Amid Super hoopla, Harvin a reminder of concussion dangers
JAN 29, 2014 11:09p ET
He had been double concussed, or so it looked from the press box that day.
He had been crushed by a vicious blow only a couple of plays in and then talked his way back into the game, only to be hit again, thus mercifully ending his day with a concussion diagnosis that, in hindsight, seemed delayed in coming.
The irony, though, is this is not why Harvin said he felt sick.
Talking to him on Wednesday, he explained the "nasty" and "ugliest" feeling came from not being able to talk doctors into giving him back his helmet and not returning and thus feeling like, "I let my teammates down."
How important was the concussion protocol in saving him from himself?

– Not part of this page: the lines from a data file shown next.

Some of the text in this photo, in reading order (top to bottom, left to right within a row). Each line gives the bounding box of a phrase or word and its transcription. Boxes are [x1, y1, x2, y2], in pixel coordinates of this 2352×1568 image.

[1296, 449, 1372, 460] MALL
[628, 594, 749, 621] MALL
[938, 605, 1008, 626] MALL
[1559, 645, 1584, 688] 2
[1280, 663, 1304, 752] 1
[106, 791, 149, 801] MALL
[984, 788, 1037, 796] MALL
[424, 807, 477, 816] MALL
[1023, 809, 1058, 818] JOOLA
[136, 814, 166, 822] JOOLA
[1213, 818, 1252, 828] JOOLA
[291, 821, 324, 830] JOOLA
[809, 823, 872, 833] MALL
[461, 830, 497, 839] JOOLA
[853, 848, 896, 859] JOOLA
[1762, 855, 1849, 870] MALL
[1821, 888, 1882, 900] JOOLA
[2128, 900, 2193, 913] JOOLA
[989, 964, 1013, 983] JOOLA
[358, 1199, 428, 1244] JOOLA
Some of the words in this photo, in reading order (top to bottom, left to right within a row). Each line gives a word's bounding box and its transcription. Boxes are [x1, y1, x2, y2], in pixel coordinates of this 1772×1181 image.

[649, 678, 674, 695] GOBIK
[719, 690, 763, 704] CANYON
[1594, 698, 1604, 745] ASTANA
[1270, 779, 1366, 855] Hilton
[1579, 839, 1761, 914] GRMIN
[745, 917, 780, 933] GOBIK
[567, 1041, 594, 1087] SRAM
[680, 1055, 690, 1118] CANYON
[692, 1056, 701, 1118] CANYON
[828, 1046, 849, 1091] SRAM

"Probably very important," Harvin told me. "If it had been my decision, I would have gone back in the game. I tried to get my helmet back."
Everybody who was there remembers this moment -- the incredulity as he tried to return and the shock of seeing him back in and the horror of the second hit that ended his day. But hearing Harvin retell it is as good of a reminder as we are going to get about why NFL players cannot be trusted to protect their own brains.
Because with everything we know and think we know about the linkage between concussions and CTE and the s-storm of health risks that come along with that diagnosis, Harvin still wanted to go back.
He wanted his helmet despite being well aware of stories about guys who cannot remember how to drive to their house. He wanted to play even knowing players have battled depression. He stepped back on the field because, in that moment, he was not thinking about the extreme cases who have shot themselves through the heart because they felt that was better than another day of pain and wanted their brain preserved to maybe, possibly, help another guy avoid this.
It is too simple to explain this by saying he feels guilty about missing almost all of this season, his first with Seattle after an offseason trade, because of hip surgery. Obviously, he wants to prove himself to the Seahawks, to do his part and probably at least a little to shut up everybody ripping into him for being a bust. This is only part of it, though, because Broncos wide receiver Wes Welker did not have offseason hip surgery, did not miss almost all of this season, has New England-Tom Brady bona fides and basically said he'd do exactly what Harvin did.
It was supposed to be one of those wacky media day moments, Hall of Famer Deion Sanders more casually chatting up his NFL brethren.
Deion: Would you play in the Super Bowl with a concussion?
Welker: What do you think?
This went back and forth, back and forth between Deion trying to get a yes and Welker saying you know me and ending with, "I mean, you want to be out there. The Super Bowl, this is what you dream about. You're going to be there, I don't care what it takes, you're going to be out there in this game."
And the thing is, in the less obvious concussions, the best protector of player health is these guys. This is not to blame the victim or absolve the NFL. The league, for too long, did nothing or not enough and now seems to be doing just enough to try to quell the next round of lawsuits. It is just to point out that, even now, even with everything we know and think we know, these guys still believe that playing through whatever is tantamount to being a good teammate.
How do you take that out of the game?
How do you say to Welker, "Don't joke about this, this is not funny"?
How do you ask Harvin, "Wait, what?"
Because saying concussion at the Super Bowl is like saying abortion at a dinner party -- you can do it, but everybody looks at you like you are the jerk. It calls attention to the elephant in the room, takes away from the Bruno Mars concert and the big piles of cash and the fun game the guys are playing. It needs to be talked about, and in a way so guys like Harvin hear that you can be a good player, a good teammate and a good guy and take care of your brain at the same time.